Этот мотив был в квиетической мистике, у Фенелона, и осужден он был
католическим эвдемонизмом и утилитаризмом. Особенно замечательно это у Марии де
Валлэ, которая соглашалась принять адские муки во имя спасения одержимых
сатаной и обреченных на гибель.<<129>> Мистики всегда возвышались
над религиозным утилитаризмом и эвдемонизмом, который проникнут уже вульгаризированной
идеей ада, и мотивы страха перед адом и гибелью и жажда спасения и блаженства -
совсем не мистические мотивы. Идея вечного блаженства и вечных мук, спасения и
гибели остается экзотерической идеей, преломлением откровения божественной
жизни в социальной обыденности. В религии, стоящей под знаком социальной
обыденности, всегда есть утилитарный элемент. Свободна от него лишь мистика,
возвышающаяся до бескорыстия. Спасение от вечной гибели совсем не есть
последняя истина, это есть лишь утилитарная и вульгаризированная транскрипция
истины об искании Царства Божьего, о любви к Богу и достижении совершенной
жизни, о теозисе. Это нисколько не снимает самой проблемы ада и не притупляет
ее мучительности. Так звучит голос лишь одного из говорящих во внутреннем диалоге
души. Но сейчас же начинает звучать и другой голос и укрепляет непреодолимо
антиномическое отношение к аду. Ада нельзя допустить, он неприемлем для
нравственного сознания, и ада нельзя просто отрицать, ибо отрицание это
покупается игнорированием несомненных ценностей. Очень легко отрицать ад,
отрицая личность и своб 1000 оду. Ада нет, если личность не принадлежит
вечности. Ада нет, если человек не свободен и может быть принужден к добру и к
раю. Идея ада онтологически связана со свободой и личностью, а не со
справедливостью и воздаянием. Как это ни парадоксально звучит, но ад есть
нравственный постулат свободы человеческого духа. Ад нужен не для того, чтобы
восторжествовала справедливость и злые получили воздаяние, а для того, чтобы
человек не был изнасилован добром и принудительно внедрен в рай, т. е. в
каком-то смысле человек имеет нравственное право на ад, право свободно
предпочесть ад раю. В этом скрыта вся нравственная диалектика об аде.

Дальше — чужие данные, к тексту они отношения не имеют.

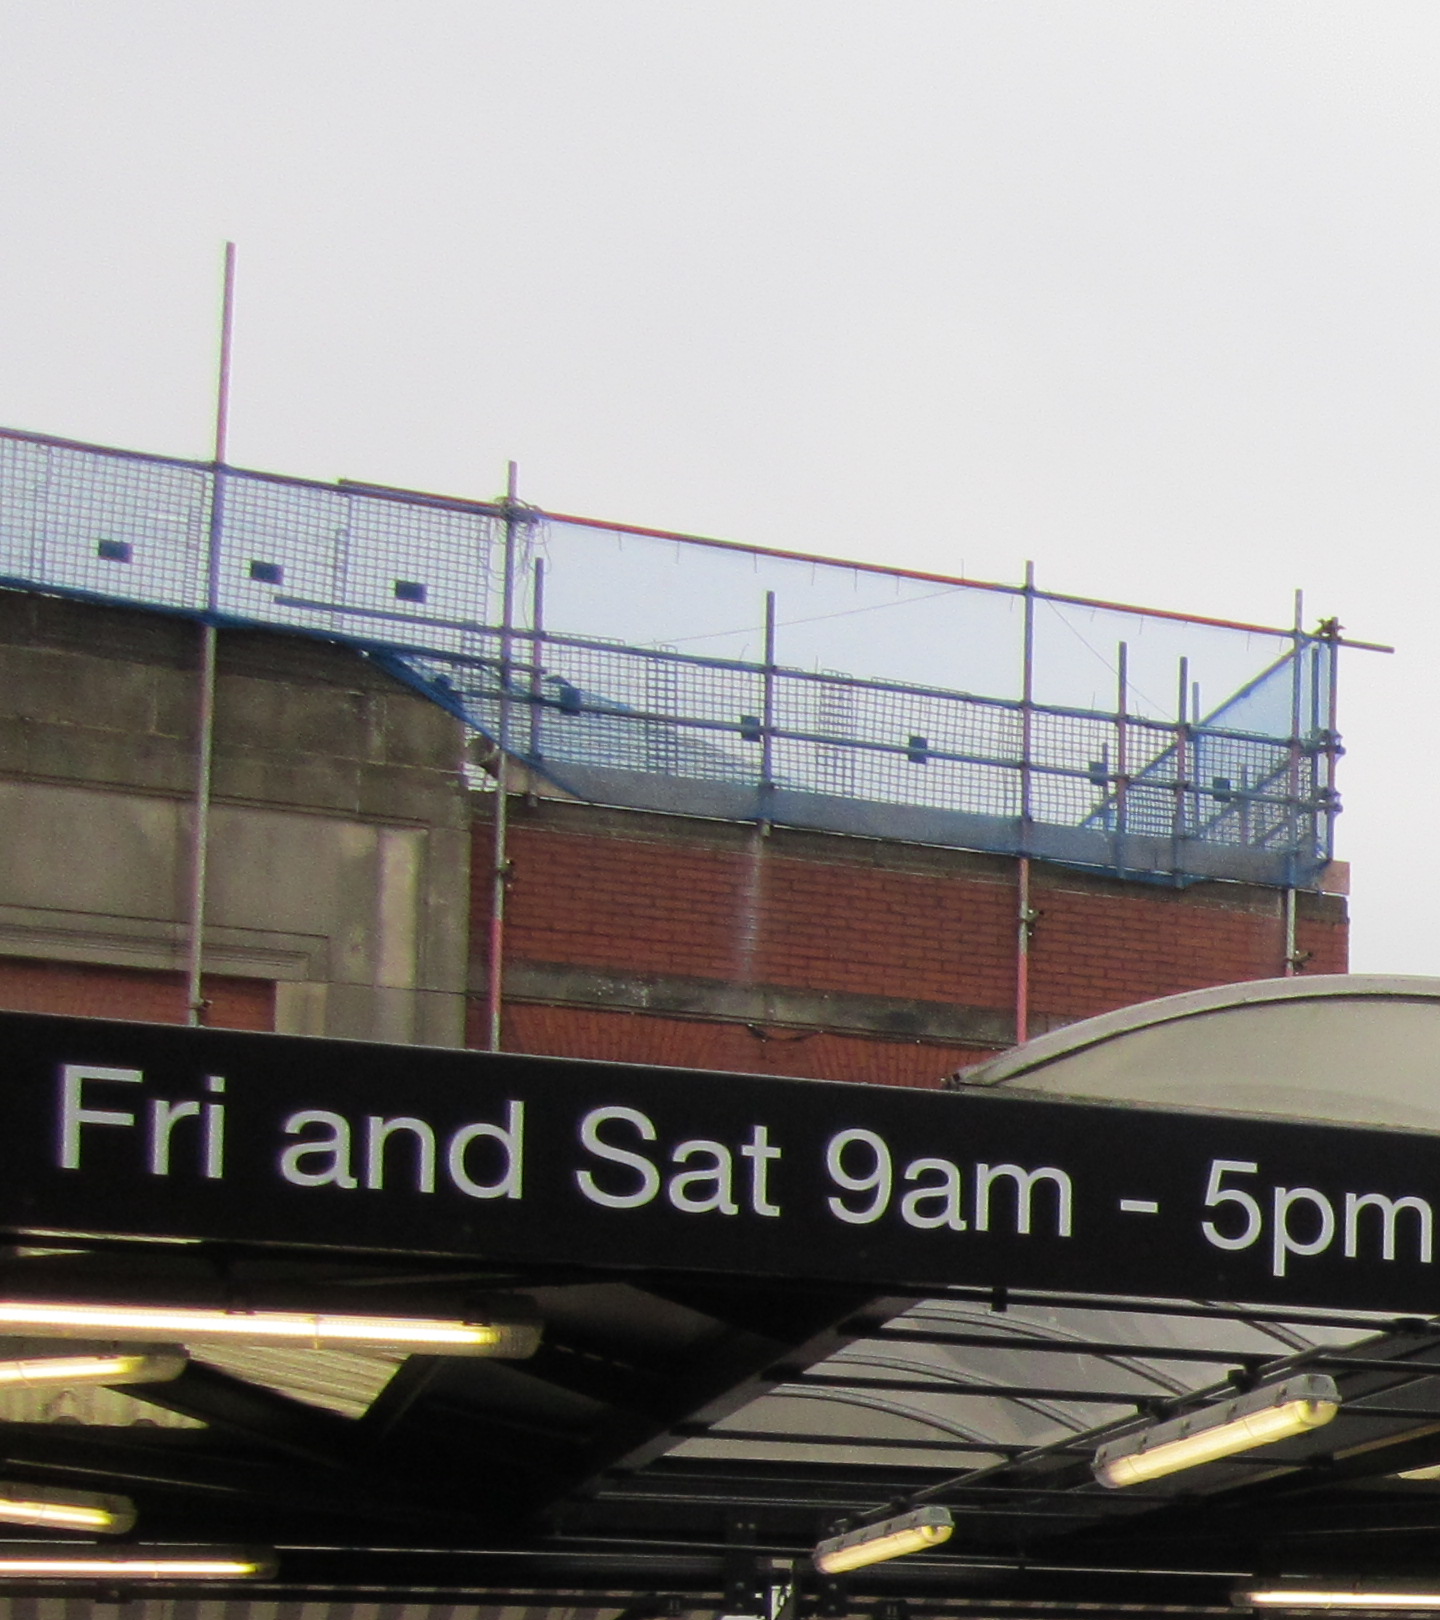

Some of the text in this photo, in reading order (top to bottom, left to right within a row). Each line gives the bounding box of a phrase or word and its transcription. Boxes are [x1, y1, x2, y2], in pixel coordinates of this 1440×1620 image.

[61, 1064, 1433, 1277] Fri and Sat 9am - 5pm
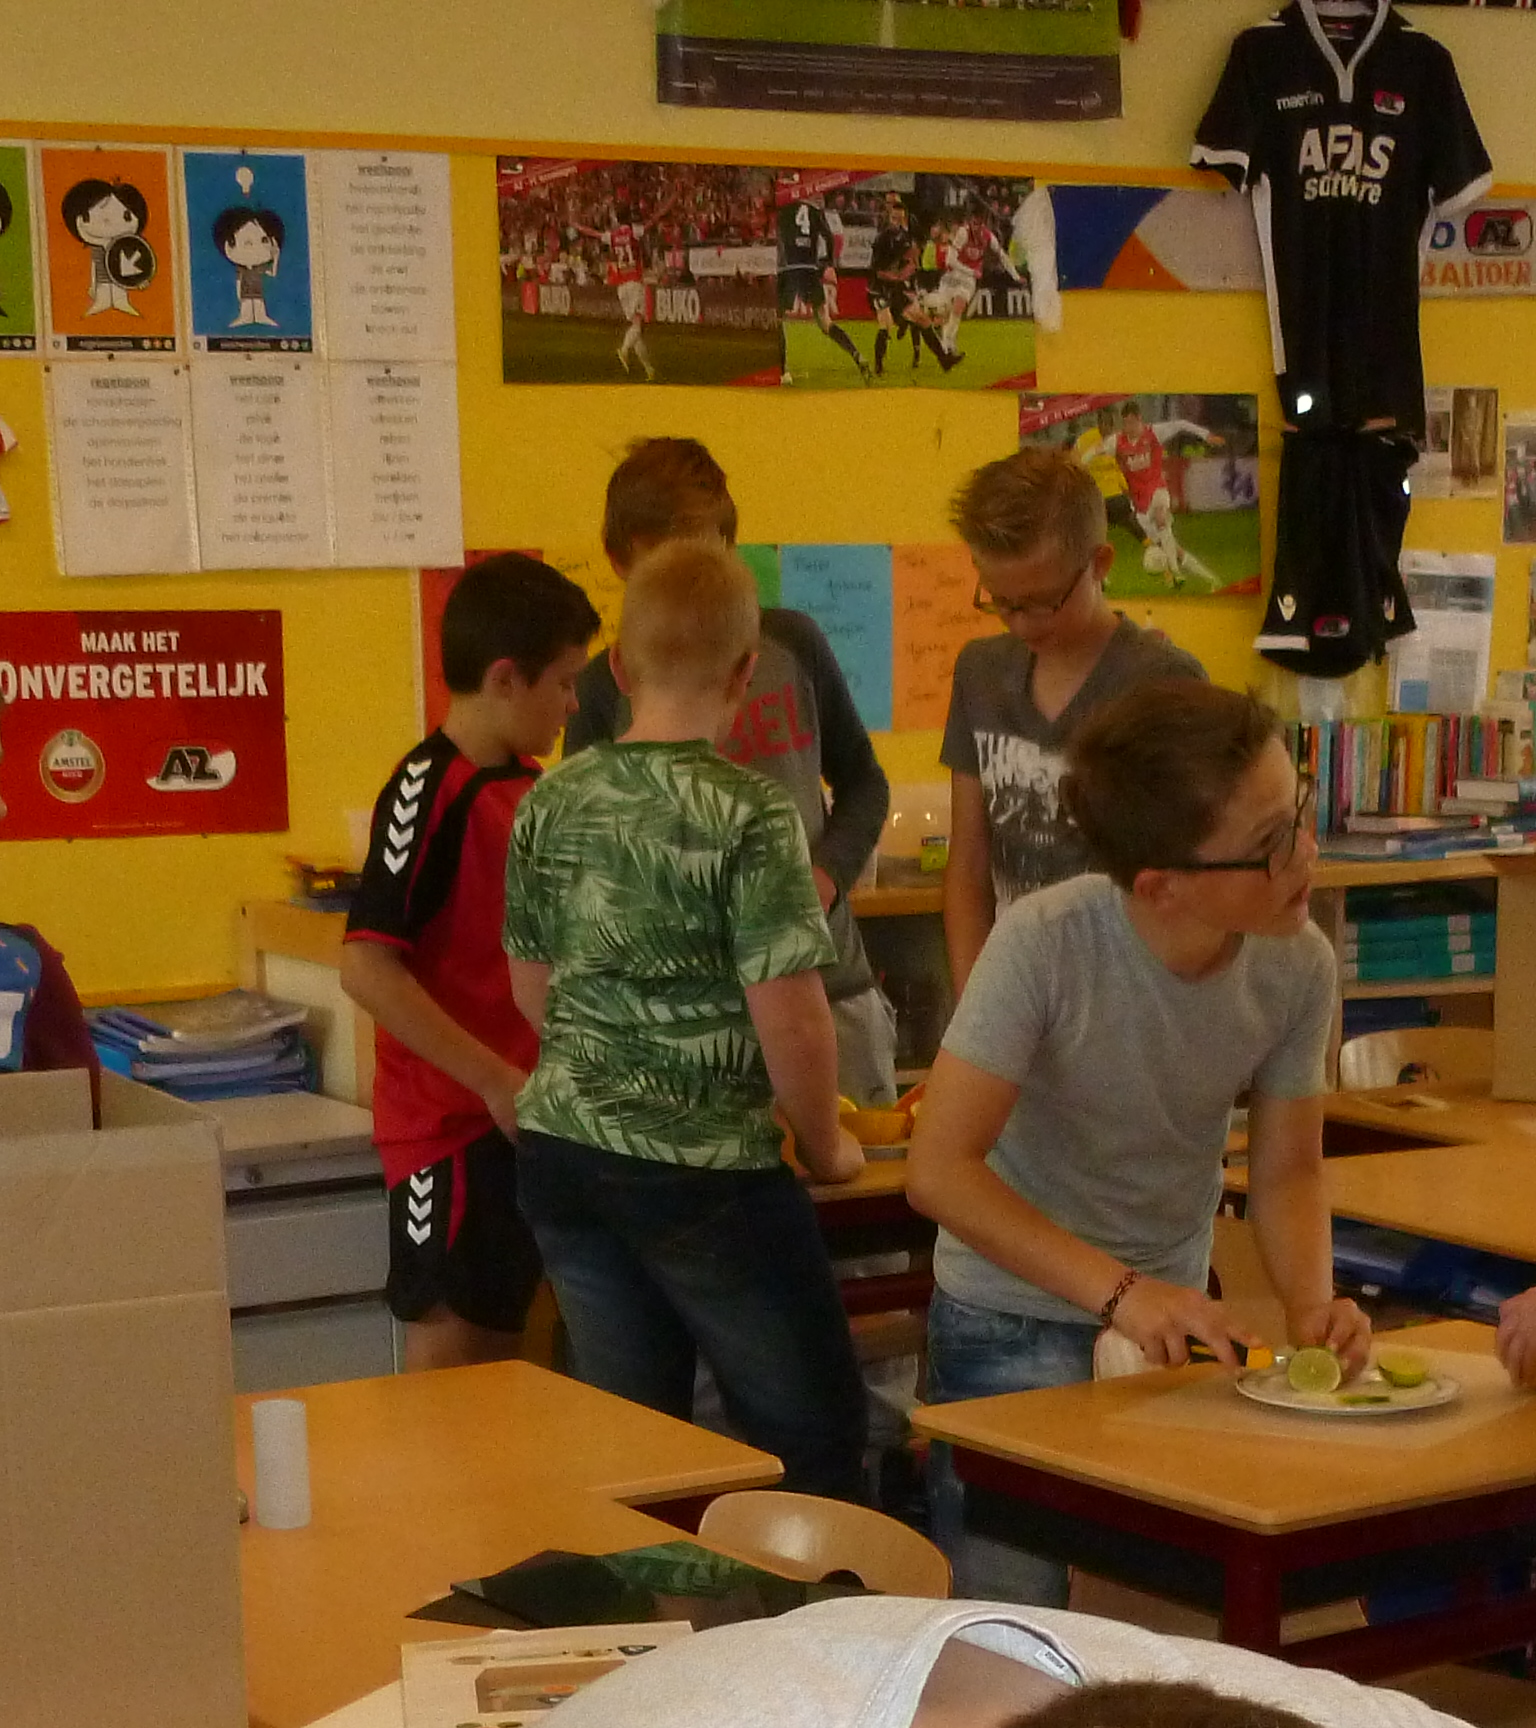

Оправдание ада на почве идеи справедливости, которое мы находим у св. Фомы
Аквината и Данте, наиболее возмущающее и наименее углубленное. Ад диалектически
определяется не справедливостью, а свободой. Ад допустим в том смысле, что
человек может захотеть ад, предпочесть его раю, может себя лучше чувствовать в
аду, чем в раю. В идее ада выражается острое и напряженное чувство личности, ее
неистребимости. Вечная гибель личности и есть ее пребывание в себе самой, ее
нерастворимость, ее абсолютное одиночество. Ад и заключается в том, что
личность не хочет от него отказаться. Пантеистическое растворение и
исчезновение личности в Боге, конечно, отменяет идею ада, но оно означает
отрицание личности. Такова онтологическая основа идеи ада. Всякая оценка есть
уже начало ада, она есть исходная точка разделения на два царства, и одно из
этих царств есть адское царство. И вся проблема в том, как избежать ада, не
отказываясь от оценки и различения. У таких людей, как Бл. Августин, как Данте,
мы видим пафос разделения, уготовляющего ад. Но борьба против ада означает не
прекращение борьбы против зла, а доведение ее до конца. Весь вопрос в том, есть
ли ад добро, как думают "добрые" защитники ада.
Во внутреннем
диалоге об аде, в раскрывающейся тут внутренней диалектике душа становится то
на субъективную, то на объективную точку зрения, то изнутри, то извне на эту
проблему смотрит. И отсюда рождается противоречие. На ад можно смотреть с точки
зрения человеческой и с точки зрения божественной. И вот когда смотришь на ад с
точки зрения Бога, объективируя его, то ад непонятен, недопустим и возмутителен.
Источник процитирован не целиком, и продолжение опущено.